> [YOUR INSTRUCTIONS]: Set down every record below exactly as it stands, leaving out the pictures.

• • • •

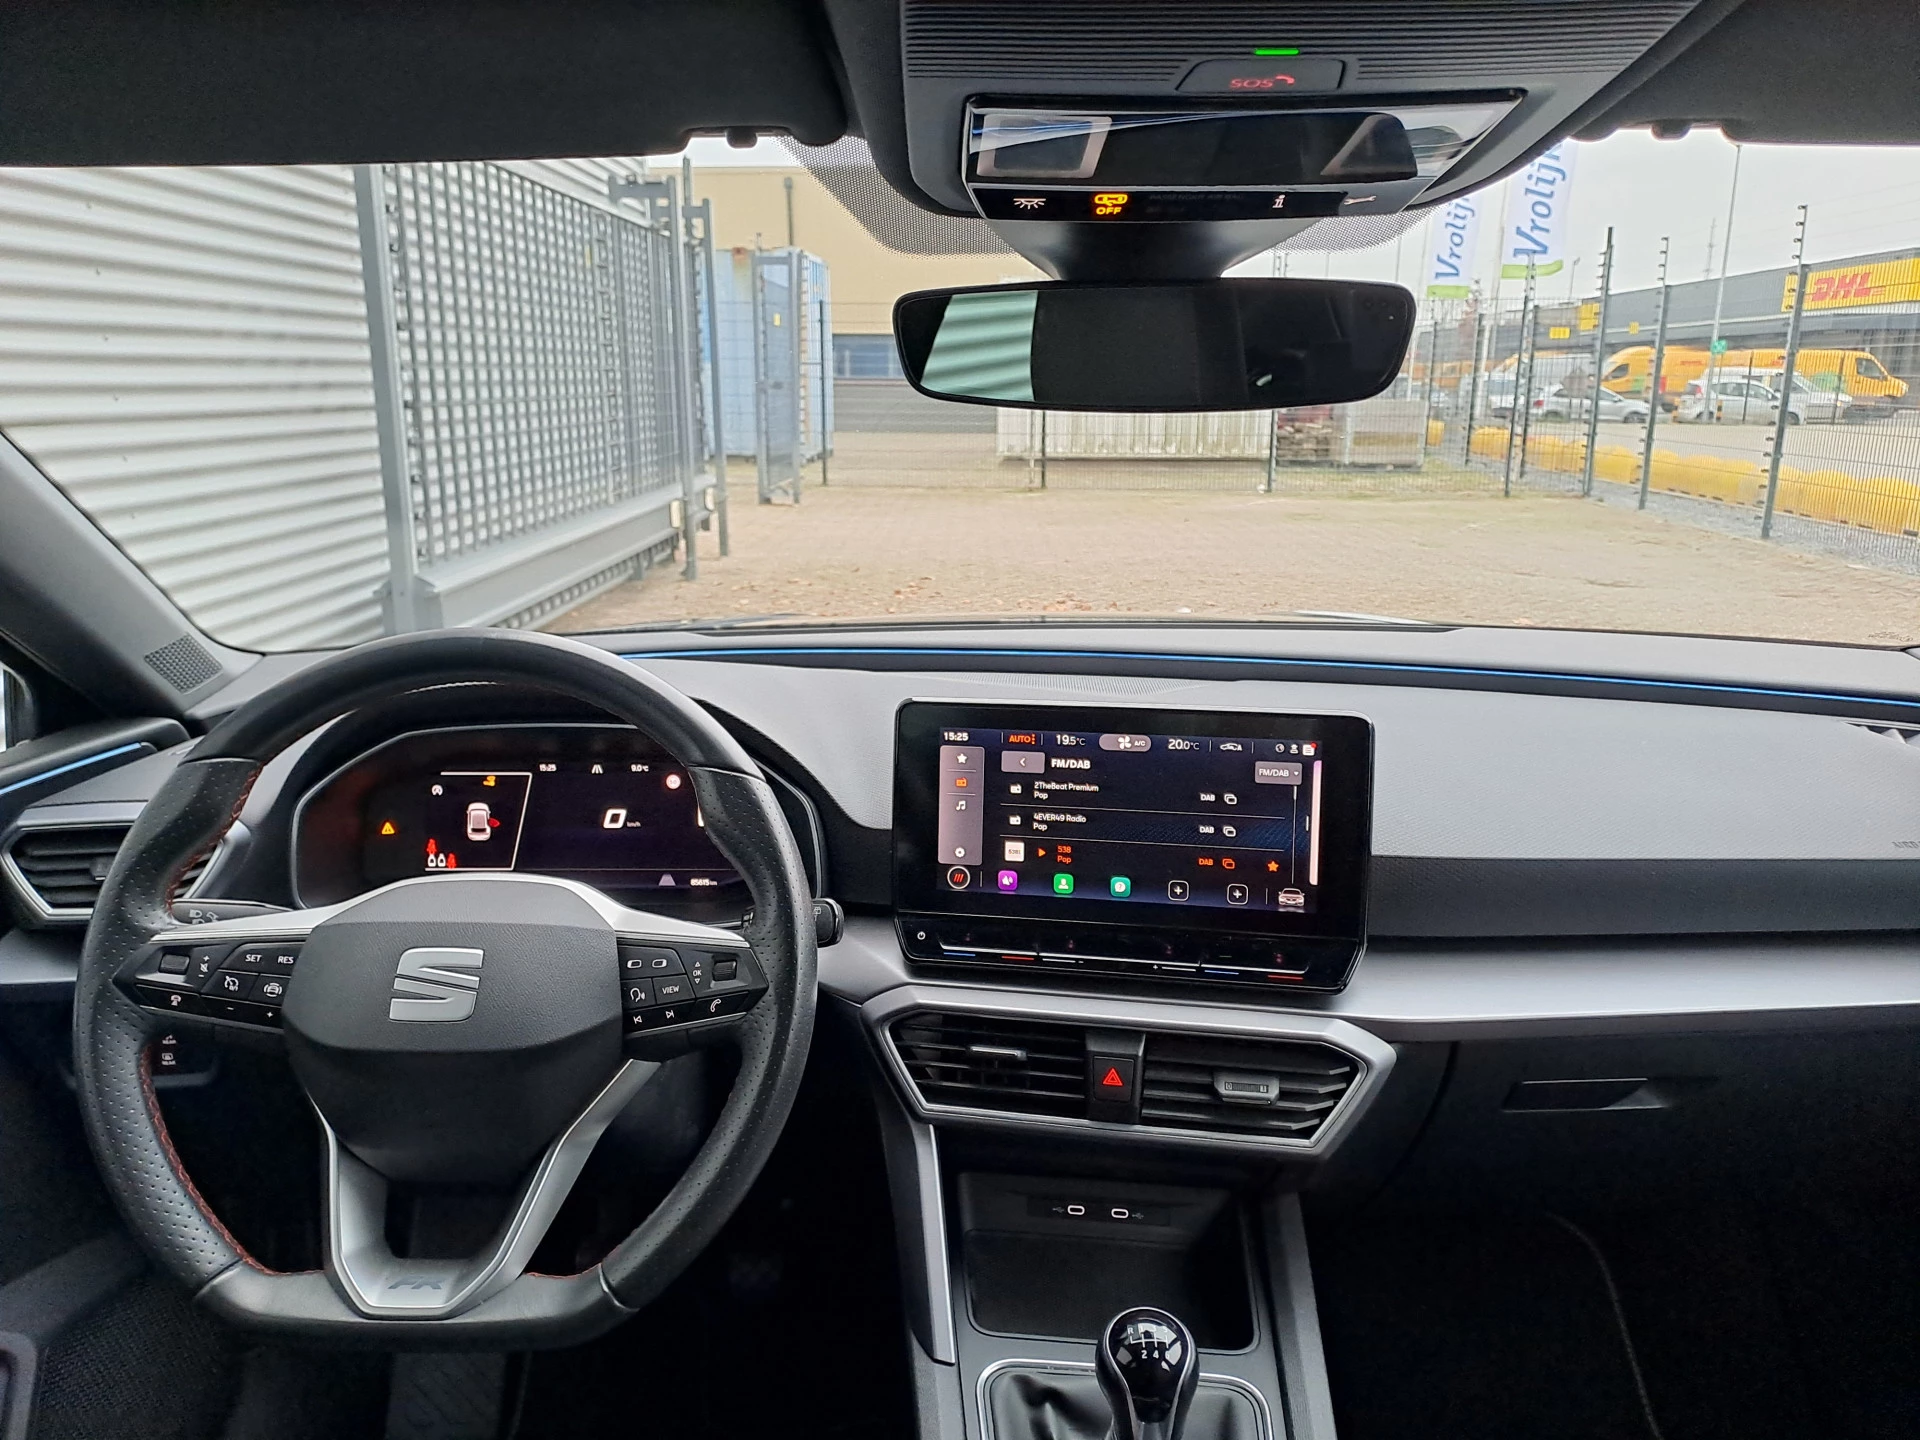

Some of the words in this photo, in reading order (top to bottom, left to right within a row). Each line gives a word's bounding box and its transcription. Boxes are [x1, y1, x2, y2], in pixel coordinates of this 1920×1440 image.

[1231, 79, 1273, 88] SOS
[1096, 207, 1121, 215] OFF
[1435, 197, 1475, 279] Vrolij
[1811, 272, 1871, 301] DHL
[944, 732, 968, 741] 15:25
[1009, 735, 1030, 743] AUTO
[1051, 758, 1091, 769] FM/DAB
[1259, 768, 1289, 777] FM/DAB
[1034, 782, 1067, 790] 2TheBeat
[1068, 783, 1099, 792] Premium
[1034, 791, 1048, 800] Pop
[1200, 793, 1215, 801] DAB
[1066, 815, 1086, 823] Radio
[1033, 823, 1047, 831] Pop
[1057, 856, 1072, 864] Pop
[1198, 857, 1213, 865] DAB
[245, 954, 262, 962] SET
[277, 956, 294, 964] RES
[692, 969, 702, 977] OK
[662, 985, 680, 995] VIEW
[1127, 1327, 1134, 1335] R
[1141, 1350, 1148, 1359] 2
[1153, 1350, 1159, 1359] 4
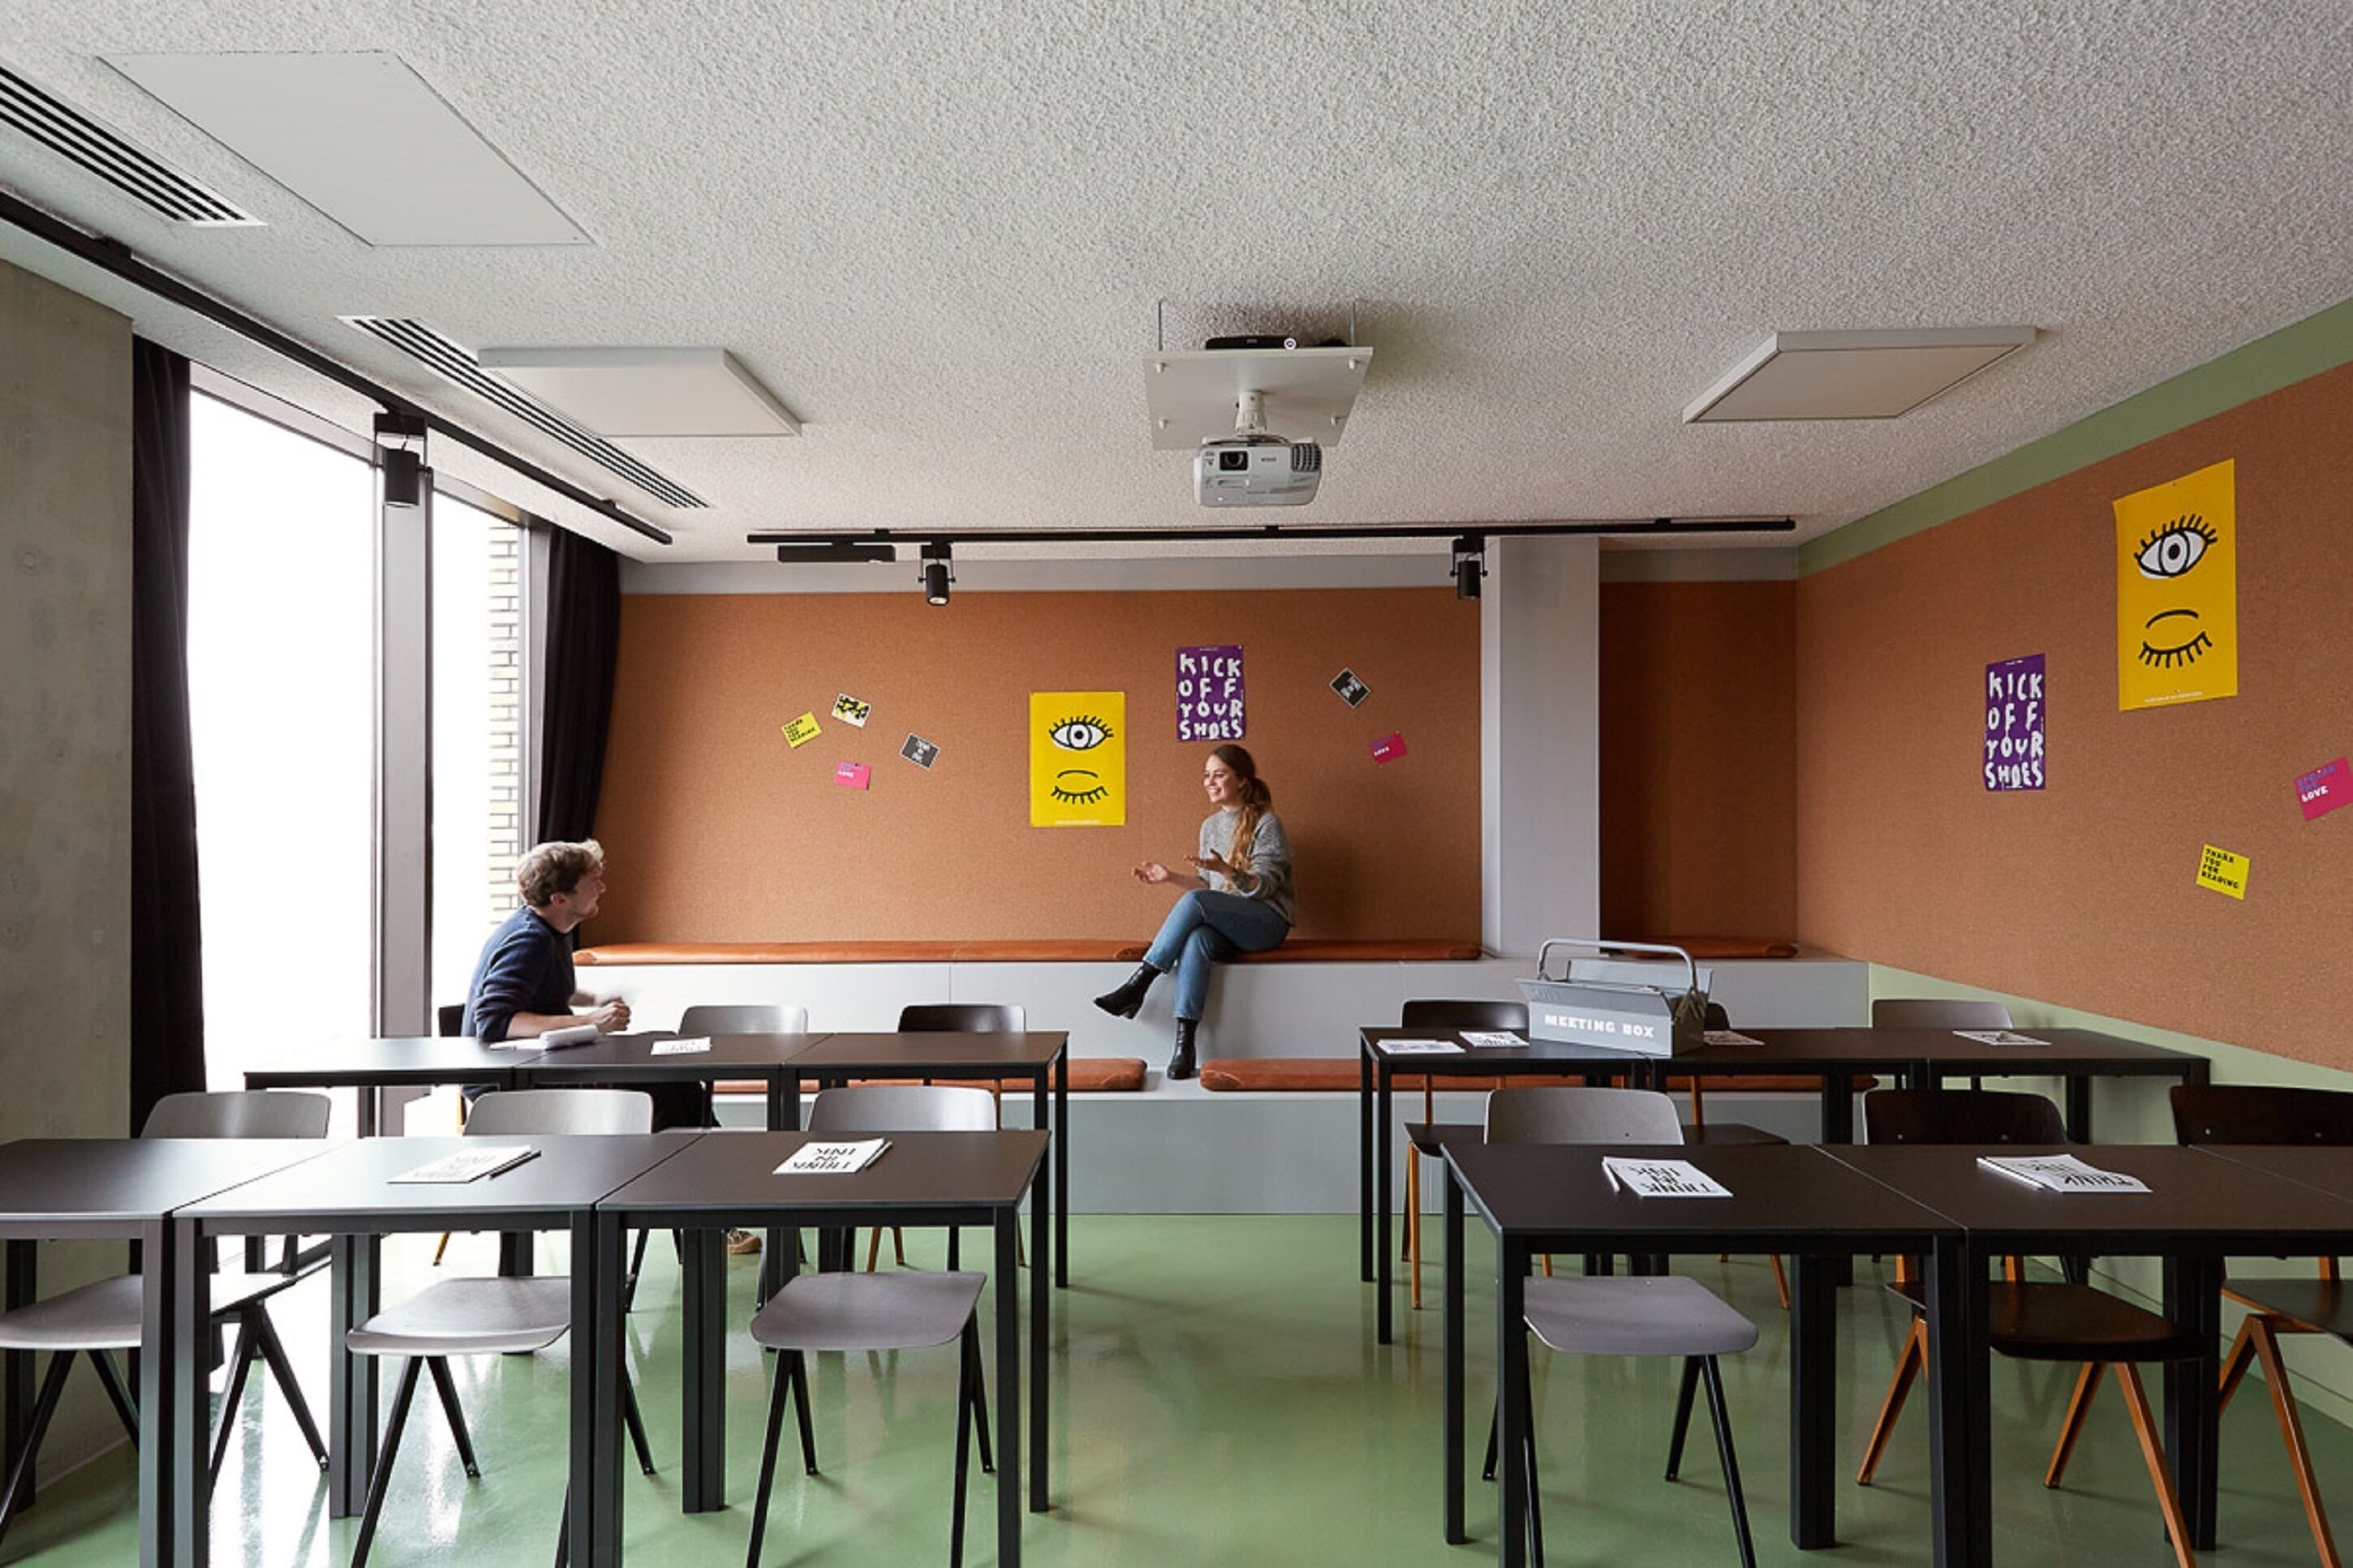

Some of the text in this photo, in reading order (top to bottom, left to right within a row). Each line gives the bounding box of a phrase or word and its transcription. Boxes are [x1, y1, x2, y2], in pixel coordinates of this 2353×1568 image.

[1179, 653, 1241, 677] KICK
[1177, 677, 1237, 698] OFF
[1989, 671, 2043, 701] KICK
[1179, 699, 1244, 719] YOUR
[1988, 701, 2038, 731] OFF
[1179, 719, 1244, 740] SHOES
[1986, 730, 2044, 760] YOUR
[1985, 761, 2044, 789] SHOES
[2301, 785, 2329, 802] LOVE
[1544, 1014, 1654, 1038] MEETING BOX

• • • •

> [ANSWER SECTION]:
Some of the words in this photo, in reading order (top to bottom, left to right within a row). Each line gives a word's bounding box and its transcription. Boxes are [x1, y1, x2, y2], in pixel coordinates of this 1920×1440 image.

[1231, 79, 1273, 88] SOS
[1096, 207, 1121, 215] OFF
[1435, 197, 1475, 279] Vrolij
[1811, 272, 1871, 301] DHL
[944, 732, 968, 741] 15:25
[1009, 735, 1030, 743] AUTO
[1051, 758, 1091, 769] FM/DAB
[1259, 768, 1289, 777] FM/DAB
[1034, 782, 1067, 790] 2TheBeat
[1068, 783, 1099, 792] Premium
[1034, 791, 1048, 800] Pop
[1200, 793, 1215, 801] DAB
[1066, 815, 1086, 823] Radio
[1033, 823, 1047, 831] Pop
[1057, 856, 1072, 864] Pop
[1198, 857, 1213, 865] DAB
[245, 954, 262, 962] SET
[277, 956, 294, 964] RES
[692, 969, 702, 977] OK
[662, 985, 680, 995] VIEW
[1127, 1327, 1134, 1335] R
[1141, 1350, 1148, 1359] 2
[1153, 1350, 1159, 1359] 4

Some of the text in this photo, in reading order (top to bottom, left to right within a row). Each line gives the bounding box of a phrase or word and its transcription. Boxes are [x1, y1, x2, y2], in pixel coordinates of this 2353×1568 image.

[1179, 653, 1241, 677] KICK
[1177, 677, 1237, 698] OFF
[1989, 671, 2043, 701] KICK
[1179, 699, 1244, 719] YOUR
[1988, 701, 2038, 731] OFF
[1179, 719, 1244, 740] SHOES
[1986, 730, 2044, 760] YOUR
[1985, 761, 2044, 789] SHOES
[2301, 785, 2329, 802] LOVE
[1544, 1014, 1654, 1038] MEETING BOX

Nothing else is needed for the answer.